## Action item:
Transcribe every entry that follows, word for word, and omit the images.

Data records

______________________________

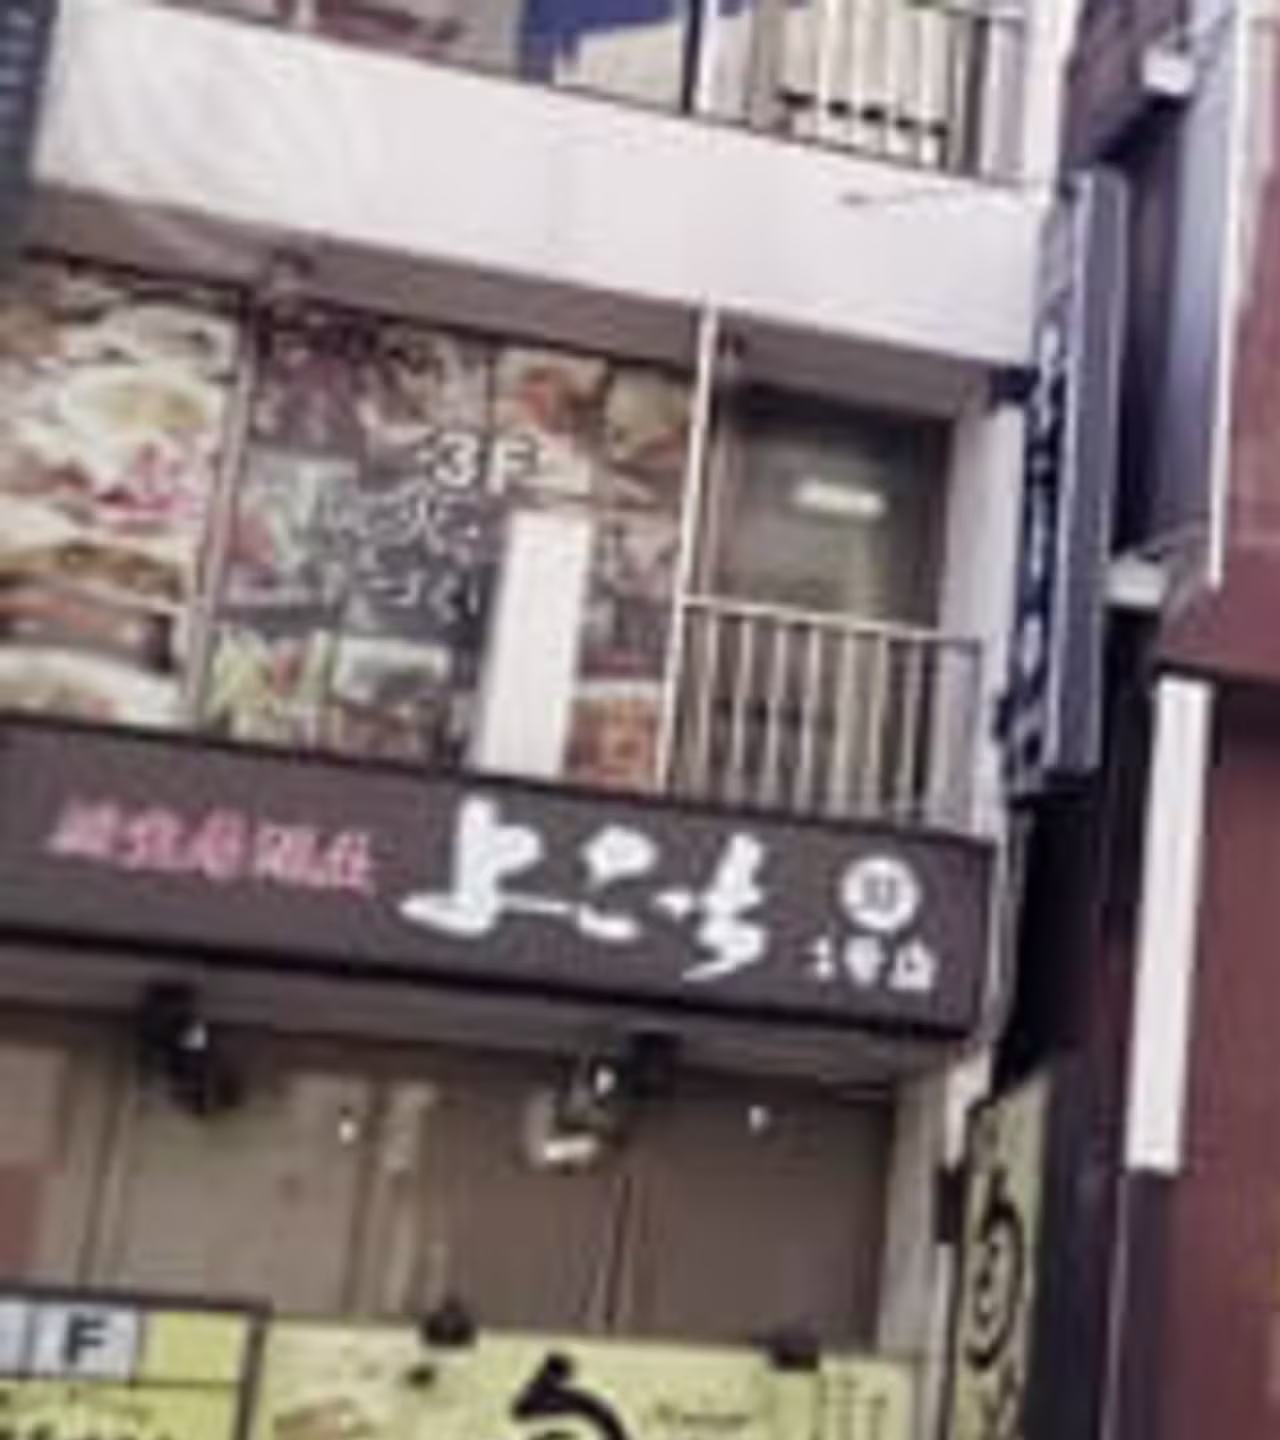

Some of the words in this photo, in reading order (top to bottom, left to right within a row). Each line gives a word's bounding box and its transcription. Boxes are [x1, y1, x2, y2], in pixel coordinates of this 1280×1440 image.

[400, 796, 772, 983] よこち
[60, 1312, 108, 1365] F
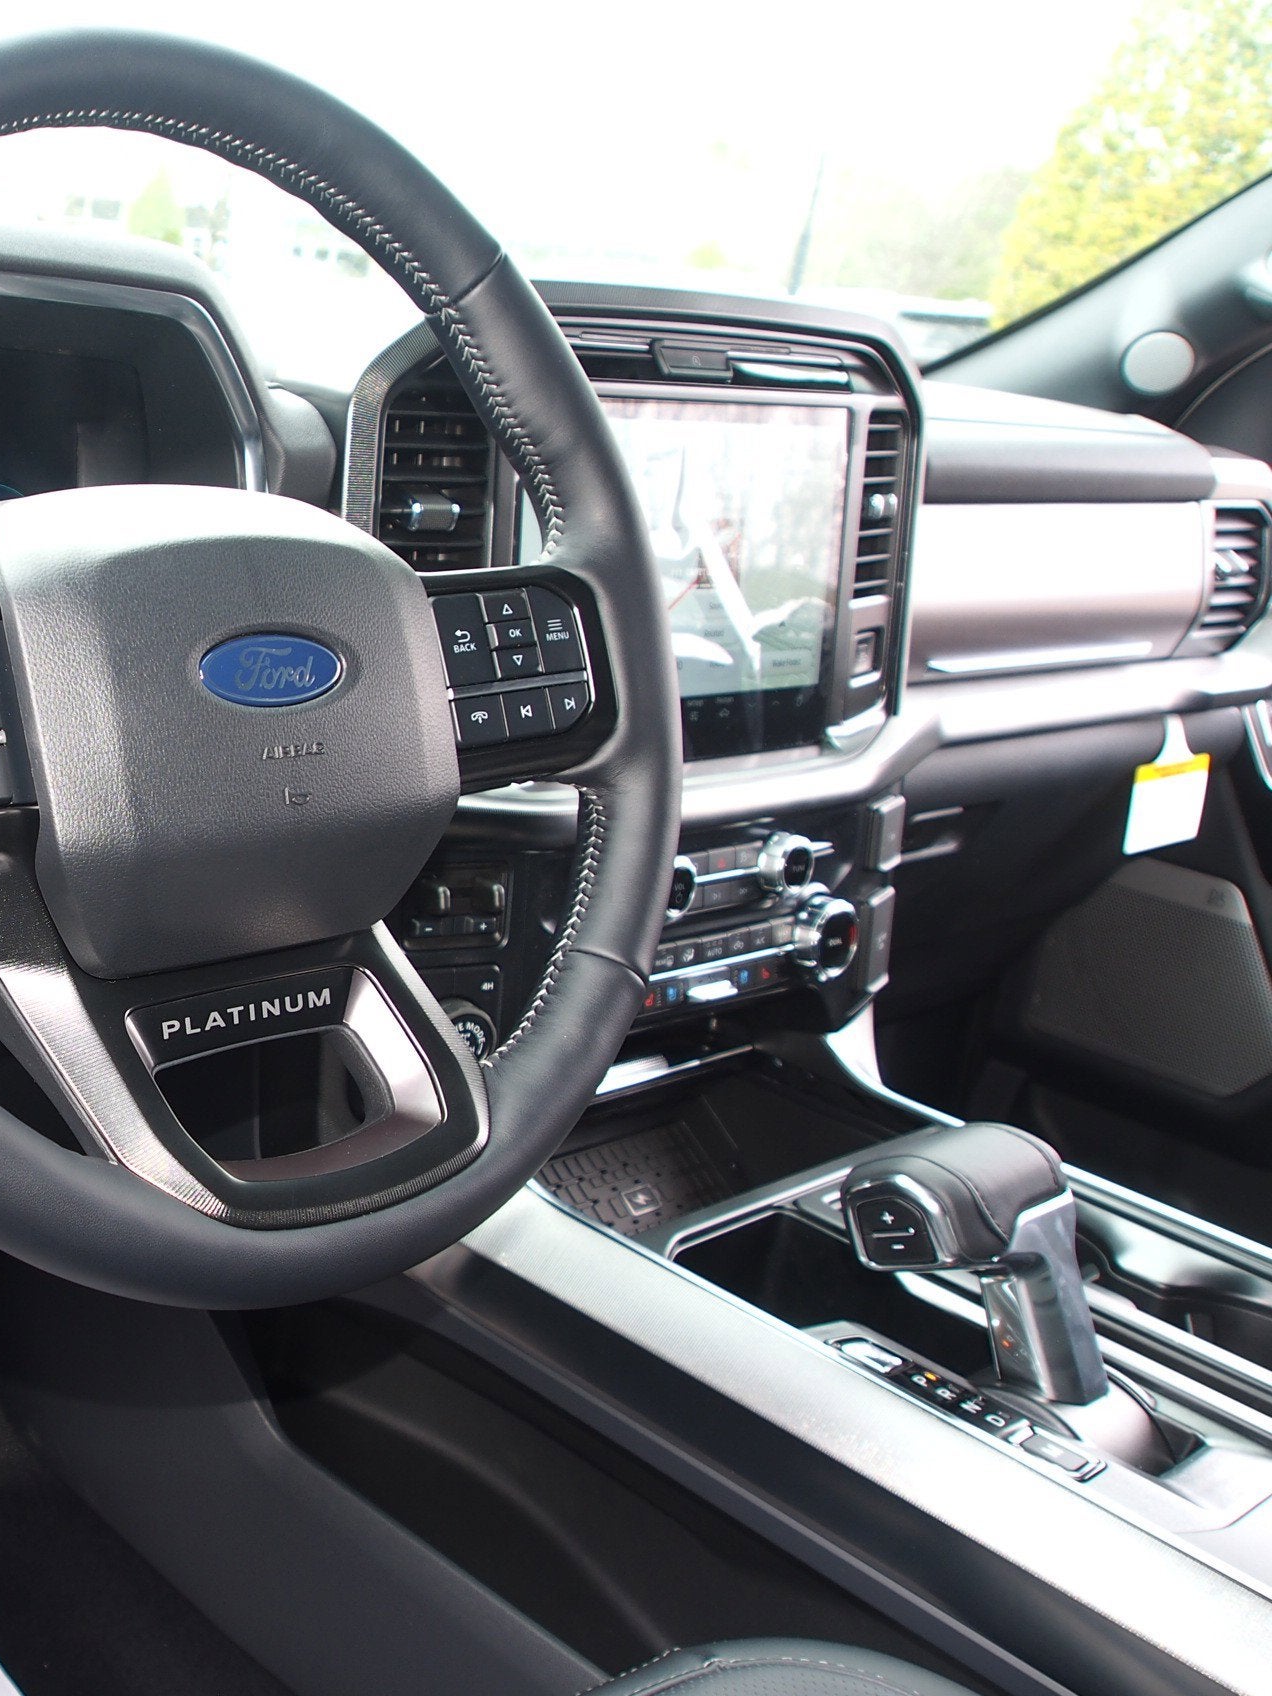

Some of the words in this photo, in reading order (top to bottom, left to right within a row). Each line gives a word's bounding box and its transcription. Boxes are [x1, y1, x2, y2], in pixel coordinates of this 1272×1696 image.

[508, 628, 522, 638] OK
[545, 631, 570, 642] MENU
[453, 642, 477, 654] BACK
[234, 646, 316, 691] Ford
[674, 883, 685, 892] VOL
[707, 947, 723, 957] AUTO
[482, 982, 494, 991] 4H
[161, 988, 332, 1041] PLATINUM
[911, 1373, 928, 1388] P
[935, 1386, 957, 1401] R
[984, 1413, 1006, 1428] D
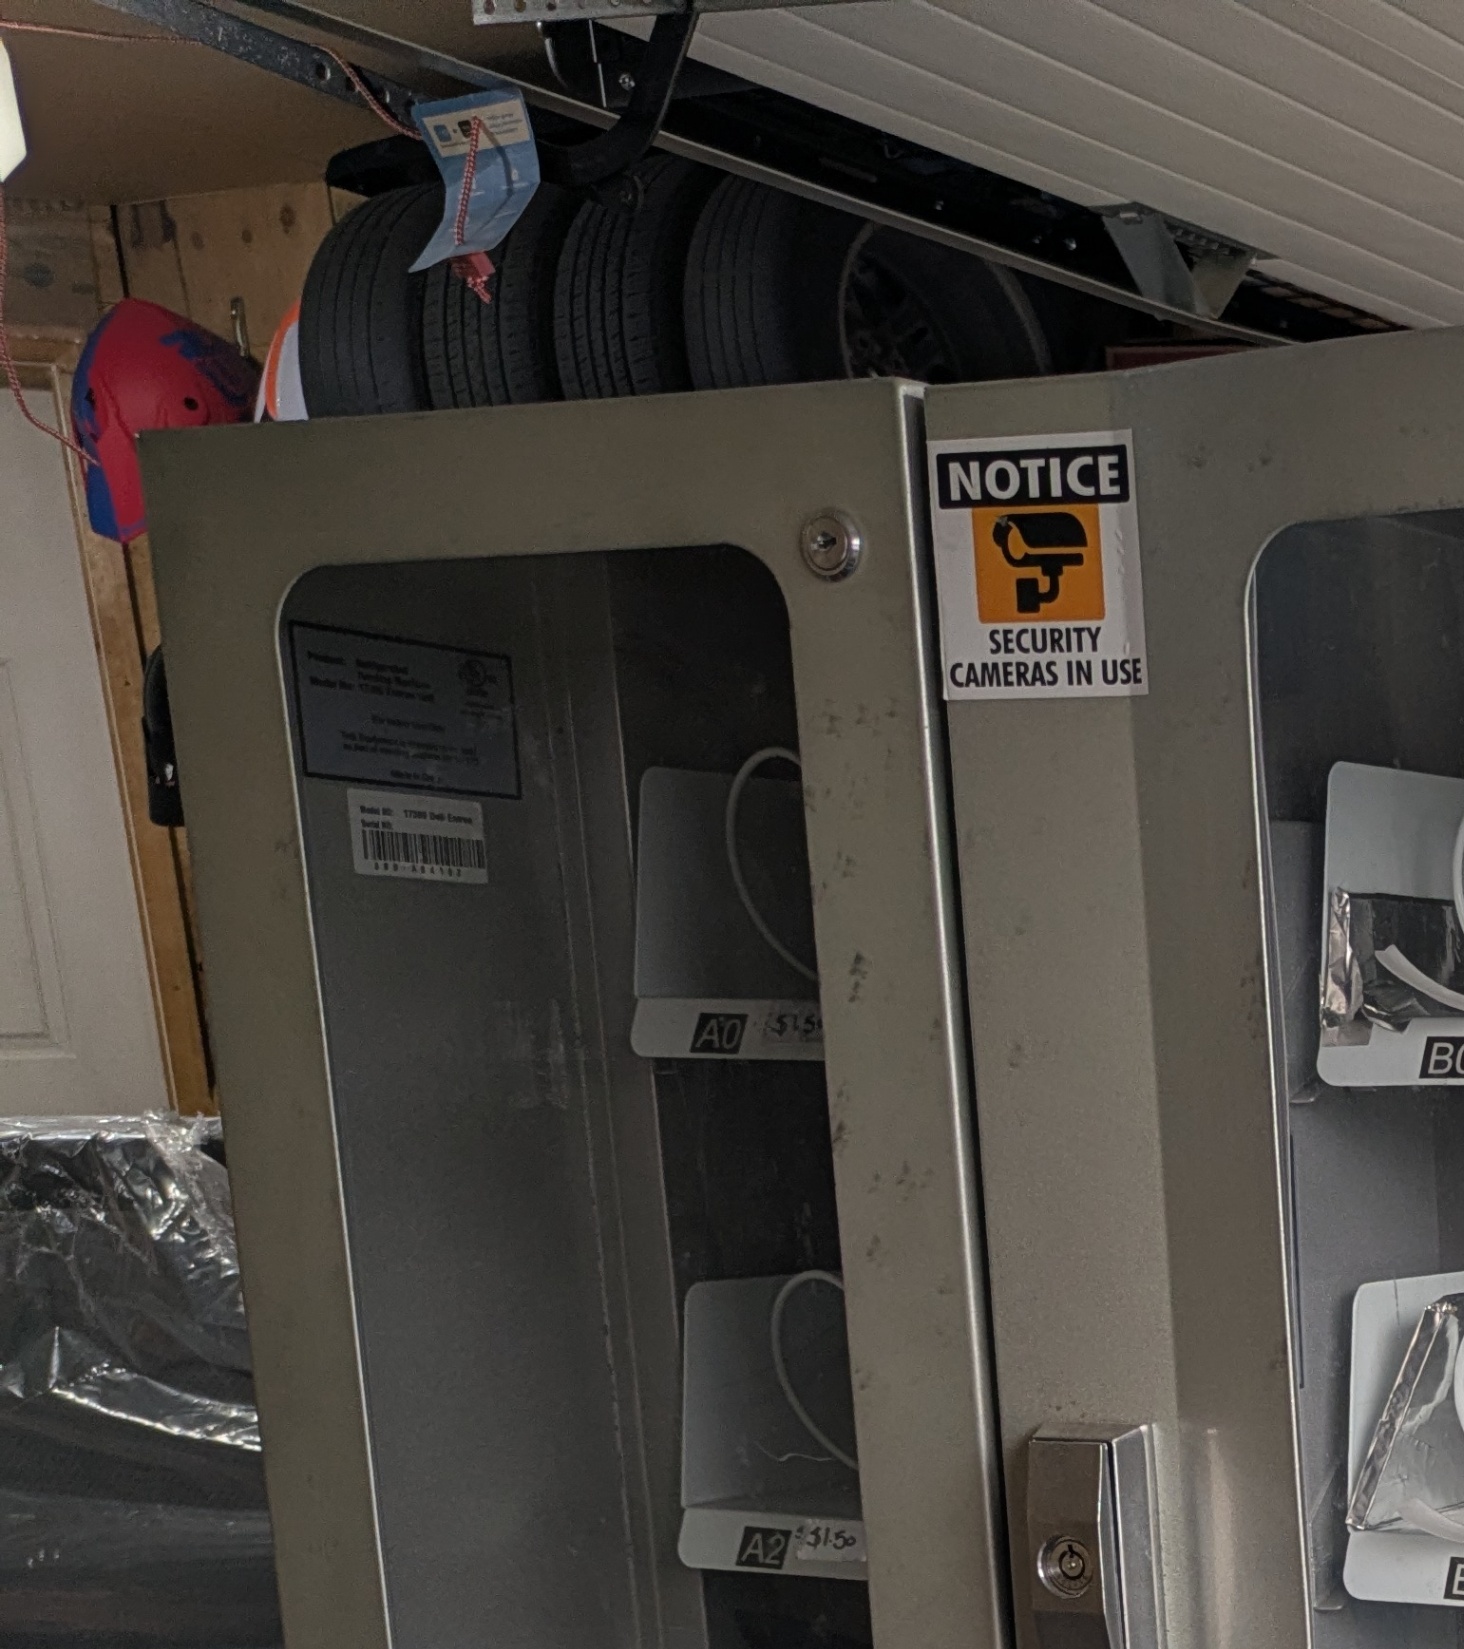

______________________________

## Response:
Some of the words in this photo, in reading order (top to bottom, left to right within a row). Each line gives a word's bounding box and its transcription. Boxes are [x1, y1, x2, y2], in pixel coordinates of this 1280×1440 image.

[400, 796, 772, 983] よこち
[60, 1312, 108, 1365] F

Some of the words in this photo, in reading order (top to bottom, left to right within a row). Each line gives a word's bounding box and its transcription. Boxes are [x1, y1, x2, y2], in pixel coordinates of this 1272×1696 image.

[508, 628, 522, 638] OK
[545, 631, 570, 642] MENU
[453, 642, 477, 654] BACK
[234, 646, 316, 691] Ford
[674, 883, 685, 892] VOL
[707, 947, 723, 957] AUTO
[482, 982, 494, 991] 4H
[161, 988, 332, 1041] PLATINUM
[911, 1373, 928, 1388] P
[935, 1386, 957, 1401] R
[984, 1413, 1006, 1428] D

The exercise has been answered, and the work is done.